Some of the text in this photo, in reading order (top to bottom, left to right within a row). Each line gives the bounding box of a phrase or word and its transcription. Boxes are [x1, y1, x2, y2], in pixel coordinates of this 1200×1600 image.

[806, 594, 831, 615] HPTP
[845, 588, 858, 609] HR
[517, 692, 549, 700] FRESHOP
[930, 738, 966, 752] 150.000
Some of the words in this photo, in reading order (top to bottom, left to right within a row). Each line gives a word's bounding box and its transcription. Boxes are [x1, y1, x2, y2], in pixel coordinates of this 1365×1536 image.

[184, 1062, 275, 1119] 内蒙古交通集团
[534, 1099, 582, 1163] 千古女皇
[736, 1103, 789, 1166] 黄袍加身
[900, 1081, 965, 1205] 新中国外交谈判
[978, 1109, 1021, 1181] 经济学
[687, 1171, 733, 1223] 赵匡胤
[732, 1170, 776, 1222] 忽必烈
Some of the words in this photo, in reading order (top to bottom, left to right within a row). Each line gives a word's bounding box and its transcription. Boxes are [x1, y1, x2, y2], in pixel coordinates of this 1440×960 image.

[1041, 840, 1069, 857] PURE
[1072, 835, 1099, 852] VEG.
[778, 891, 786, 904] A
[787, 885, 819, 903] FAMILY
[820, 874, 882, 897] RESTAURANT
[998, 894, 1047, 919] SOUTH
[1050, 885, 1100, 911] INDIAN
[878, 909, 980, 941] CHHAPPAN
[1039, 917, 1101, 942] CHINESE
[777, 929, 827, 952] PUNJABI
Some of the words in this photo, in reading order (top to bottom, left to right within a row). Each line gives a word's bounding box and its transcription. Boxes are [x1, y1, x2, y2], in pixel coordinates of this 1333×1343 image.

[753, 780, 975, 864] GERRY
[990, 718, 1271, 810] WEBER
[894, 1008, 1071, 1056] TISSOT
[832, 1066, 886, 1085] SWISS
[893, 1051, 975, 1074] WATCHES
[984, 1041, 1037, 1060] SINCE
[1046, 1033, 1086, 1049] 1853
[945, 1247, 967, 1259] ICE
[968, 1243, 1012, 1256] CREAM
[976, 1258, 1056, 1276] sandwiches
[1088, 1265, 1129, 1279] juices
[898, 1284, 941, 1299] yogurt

+--

▶ YOUR TASK:
Every record above must be set down again, word for word.

▶ ANSWER TO THE EXERCISE:
Some of the text in this photo, in reading order (top to bottom, left to right within a row). Each line gives the bounding box of a phrase or word and its transcription. Boxes are [x1, y1, x2, y2], in pixel coordinates of this 1200×1600 image.

[806, 594, 831, 615] HPTP
[845, 588, 858, 609] HR
[517, 692, 549, 700] FRESHOP
[930, 738, 966, 752] 150.000
Some of the words in this photo, in reading order (top to bottom, left to right within a row). Each line gives a word's bounding box and its transcription. Boxes are [x1, y1, x2, y2], in pixel coordinates of this 1365×1536 image.

[184, 1062, 275, 1119] 内蒙古交通集团
[534, 1099, 582, 1163] 千古女皇
[736, 1103, 789, 1166] 黄袍加身
[900, 1081, 965, 1205] 新中国外交谈判
[978, 1109, 1021, 1181] 经济学
[687, 1171, 733, 1223] 赵匡胤
[732, 1170, 776, 1222] 忽必烈
Some of the words in this photo, in reading order (top to bottom, left to right within a row). Each line gives a word's bounding box and its transcription. Boxes are [x1, y1, x2, y2], in pixel coordinates of this 1440×960 image.

[1041, 840, 1069, 857] PURE
[1072, 835, 1099, 852] VEG.
[778, 891, 786, 904] A
[787, 885, 819, 903] FAMILY
[820, 874, 882, 897] RESTAURANT
[998, 894, 1047, 919] SOUTH
[1050, 885, 1100, 911] INDIAN
[878, 909, 980, 941] CHHAPPAN
[1039, 917, 1101, 942] CHINESE
[777, 929, 827, 952] PUNJABI
Some of the words in this photo, in reading order (top to bottom, left to right within a row). Each line gives a word's bounding box and its transcription. Boxes are [x1, y1, x2, y2], in pixel coordinates of this 1333×1343 image.

[753, 780, 975, 864] GERRY
[990, 718, 1271, 810] WEBER
[894, 1008, 1071, 1056] TISSOT
[832, 1066, 886, 1085] SWISS
[893, 1051, 975, 1074] WATCHES
[984, 1041, 1037, 1060] SINCE
[1046, 1033, 1086, 1049] 1853
[945, 1247, 967, 1259] ICE
[968, 1243, 1012, 1256] CREAM
[976, 1258, 1056, 1276] sandwiches
[1088, 1265, 1129, 1279] juices
[898, 1284, 941, 1299] yogurt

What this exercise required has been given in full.